Rememoro con cierta frecuencia mi época como periodista cultural y colaborador habitual del suplemento de cultura del diario La Vanguardia (y por un breve tiempo, cabría añadir, de Rockdelux). Por una razón muy sencilla: vuelvo a escuchar los discos que reseñaba, o los de aquellos músicos a los que entrevisté (que no fueron pocos) durante los algo más de quince años que duró aquella aventura. En ese rememorar vuelve a aflorar una de las ideas que me guiaron en aquel tiempo: huir de lo trillado. Aún hoy me aterra comprobar que los medios de comunicación se nutren de las mismas noticias, que repiten, por si fuera poco, en bucle.

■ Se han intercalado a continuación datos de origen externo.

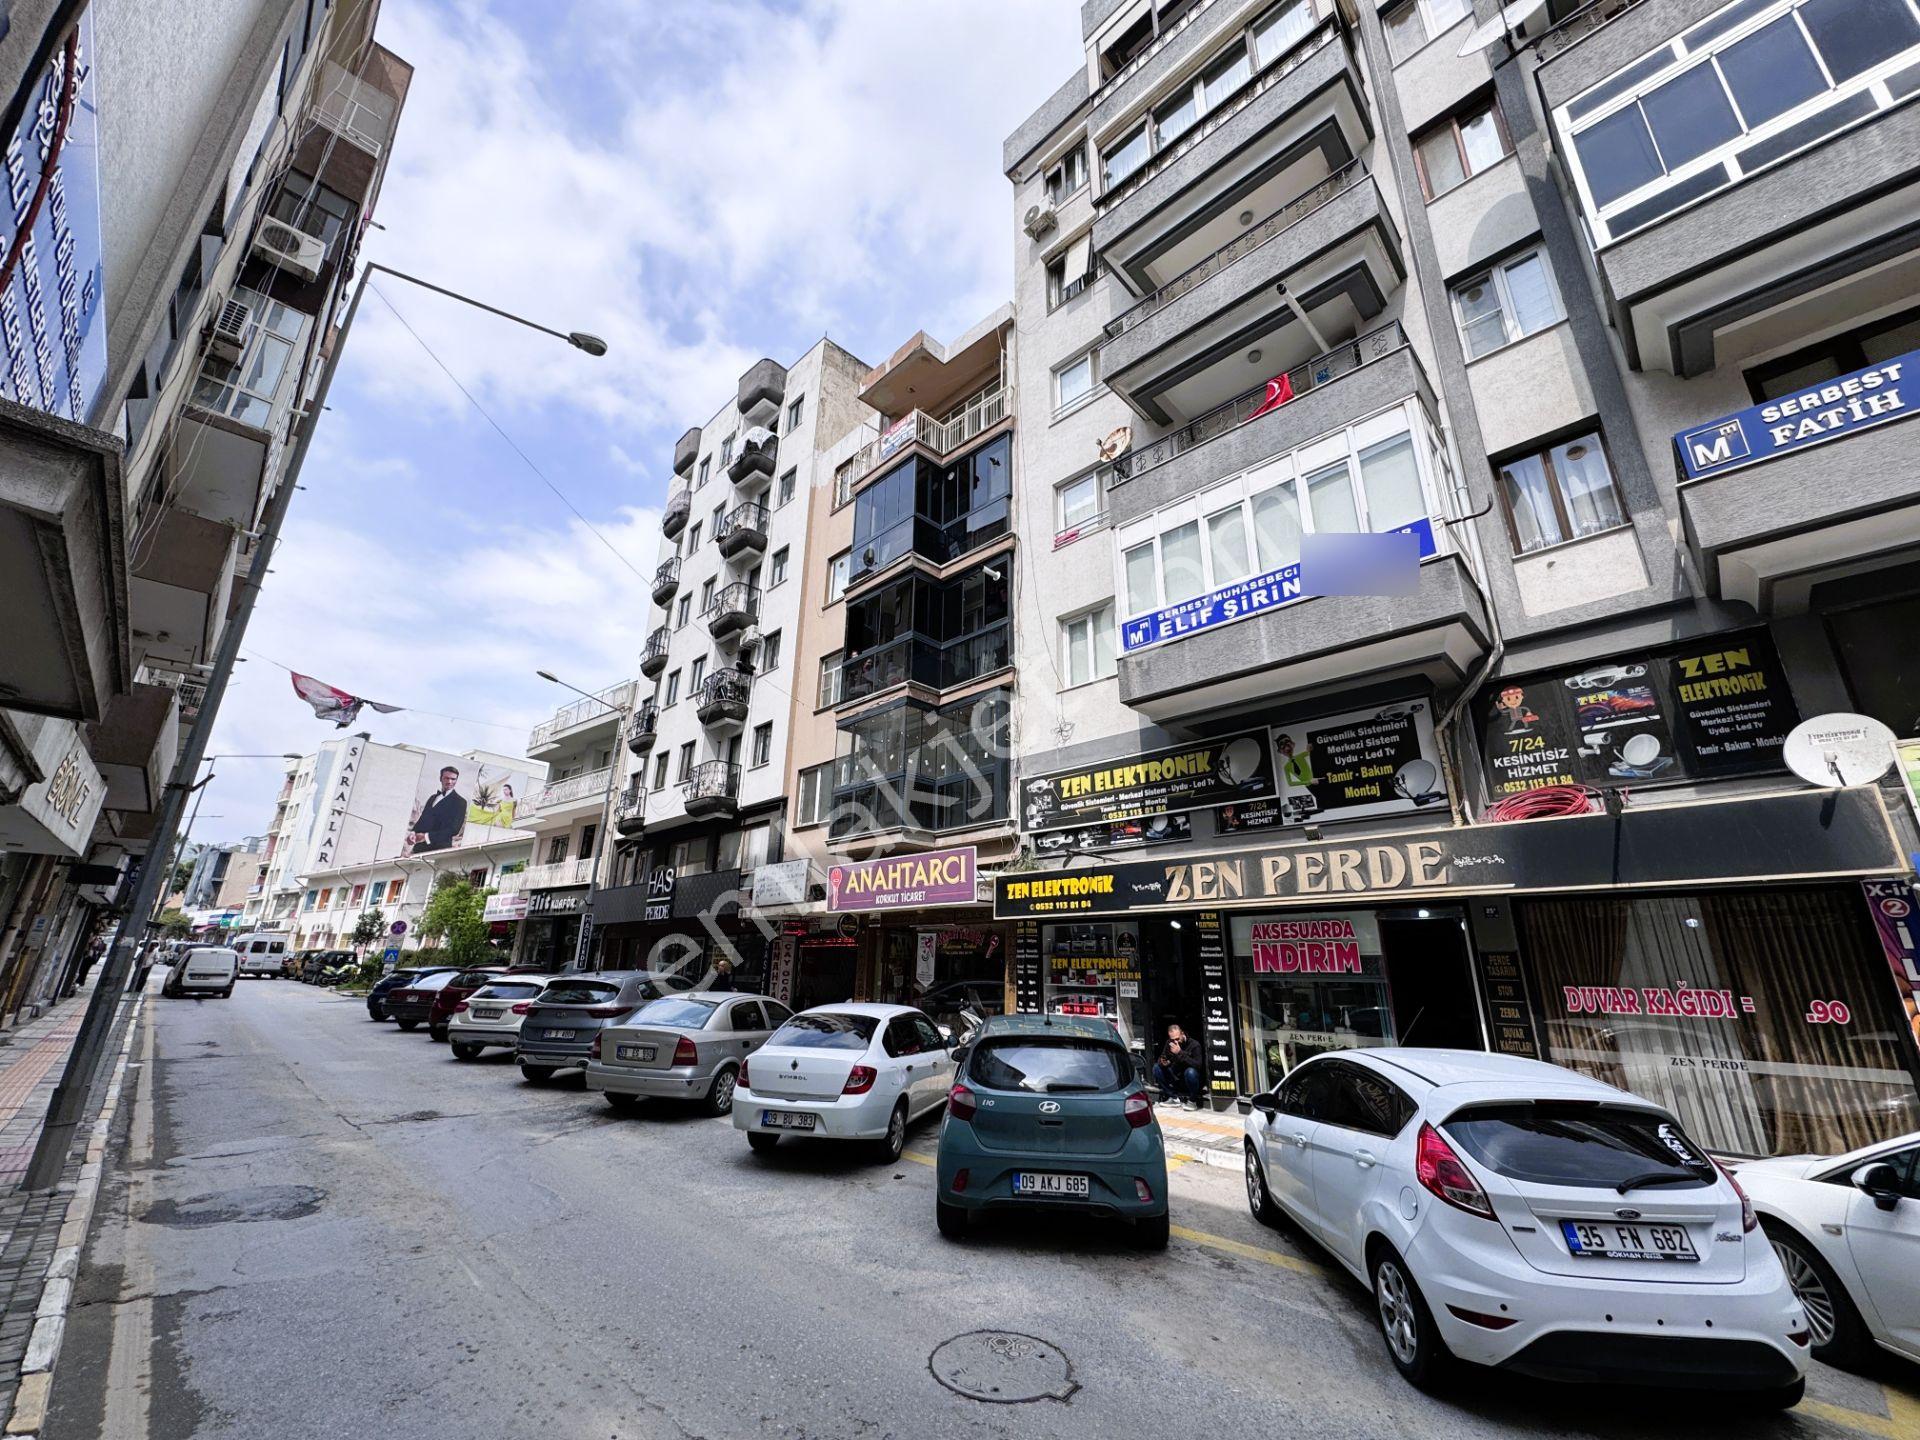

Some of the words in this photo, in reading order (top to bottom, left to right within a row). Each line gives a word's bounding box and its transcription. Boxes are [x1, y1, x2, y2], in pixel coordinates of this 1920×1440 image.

[50, 165, 67, 240] AYDIN
[1761, 363, 1903, 424] SERBEST
[1769, 388, 1905, 448] FATİH
[1157, 596, 1210, 621] SERBEST
[1159, 608, 1213, 637] ELİF
[1223, 576, 1300, 618] ŞİRİN
[1679, 648, 1751, 678] ZEN
[1678, 671, 1767, 703] ELEKTRONİK
[1689, 706, 1726, 719] Güvenlik
[1727, 700, 1772, 714] Sistemleri
[1700, 716, 1734, 728] Merkezi
[1735, 711, 1766, 722] Sistem
[1316, 731, 1356, 745] Güvenlik
[1358, 720, 1408, 737] Sistemleri
[1327, 742, 1364, 754] Merkezi
[1366, 735, 1400, 748] Sistem
[1509, 736, 1545, 753] 7/24
[1696, 744, 1719, 756] Tamir
[1724, 740, 1750, 752] Bakım
[1335, 754, 1358, 766] Uydu
[1365, 750, 1383, 760] Led
[1384, 748, 1396, 757] Tv
[1493, 747, 1570, 769] KESİNTİSİZ
[1061, 775, 1092, 798] ZEN
[1094, 751, 1213, 794] ELEKTRONİK
[1327, 769, 1354, 784] Tamir
[1361, 763, 1393, 779] Bakım
[1507, 763, 1559, 779] HİZMET
[1144, 787, 1166, 797] Sistem
[1345, 782, 1380, 799] Montaj
[1504, 780, 1527, 793] 0532
[1529, 777, 1545, 790] 113
[1546, 776, 1558, 786] 81
[318, 746, 358, 863] SARANLAR
[1250, 802, 1267, 811] 7/24
[1108, 811, 1128, 819] 0532
[1247, 817, 1273, 826] HİZMET
[845, 855, 967, 894] ANAHTARCI
[1165, 857, 1244, 902] ZEN
[1261, 839, 1447, 896] PERDE
[647, 868, 674, 895] HAS
[1007, 882, 1029, 900] ZEN
[1031, 875, 1114, 898] ELEKTRONİK
[875, 893, 900, 905] KORKUT
[900, 890, 926, 903] TİCARET
[1035, 901, 1054, 910] 0532
[1056, 901, 1068, 909] 113
[645, 904, 670, 920] PERDE
[1251, 919, 1356, 941] AKSESUARDA
[1051, 958, 1068, 969] ZEN
[1252, 941, 1363, 974] İNDİRİM
[1563, 986, 1642, 1015] DUVAR
[1642, 980, 1738, 1018] KAĞIDI
[1500, 1008, 1520, 1018] ZEBRA
[1670, 1056, 1697, 1068] ZEN
[1702, 1058, 1750, 1072] PERDE
[779, 1073, 808, 1081] SYMBOL
[798, 1115, 813, 1126] 383
[1021, 1175, 1035, 1189] 09
[1040, 1175, 1061, 1190] AKJ
[1065, 1177, 1087, 1192] 685
[1578, 1226, 1605, 1248] 35
[1615, 1227, 1645, 1249] FN
[1651, 1229, 1690, 1252] 682

Hoy he recuperado varios discos del sello La Société Expéditionnaire, que dirige el bueno de Lou Rogai desde Pensilvania (Estados Unidos). Gracias al contacto directo con Lou pude descubrir (y hacer descubrir a otras personas) discos maravillosos, a los que vuelvo con frecuencia, como los de Matt Bauer (The island moved in the storm, publicado en 2008), Lewis & Clarke (la banda del propio Lou, que un año antes dio de sí Blasts of holy birth) o Daniel Knox (el más reciente Evyman for himself). Es sólo un ejemplo, claro está, pero muy elocuente.
Otra línea preferente en mi modo de concebir el periodismo (musical, en aquel tiempo, aunque no exclusivamente) fue la de recuperar clásicos de la música popular: los viejos sonidos del ska, el soul o el rhythm’n’blues, por el mero placer de reivindicar aquello que, pasado su tiempo, quedó al margen del mercado. Pero también aquellas colecciones de músicas del mundo que distribuía la extinta Harmonia Mundi Ibérica, o ciertas reediciones significativas: hoy, de hecho, os animaría a volver a escuchar Rubber Soul (1965), de The Beatles, que en breve volverá a ver la luz con nuevos materiales. Un grandísimo álbum que contiene clásicos como Michelle, In my life o Drive my car. Ahí lo dejo.
Que conste que no estoy reivindicando nada (y menos que nada el trabajo que uno llevó a cabo, en absoluto); si acaso, otro modo de afrontar la actualidad, que no se nutre –o no habría de nutrirse– solamente de lo inmediato. Vale la pena buscar más allá, en otros rincones del planeta, bucear en nuestro pasado, dejar a un lado las notas de prensa que dictan la actualidad. Y disfrutar de todo ello.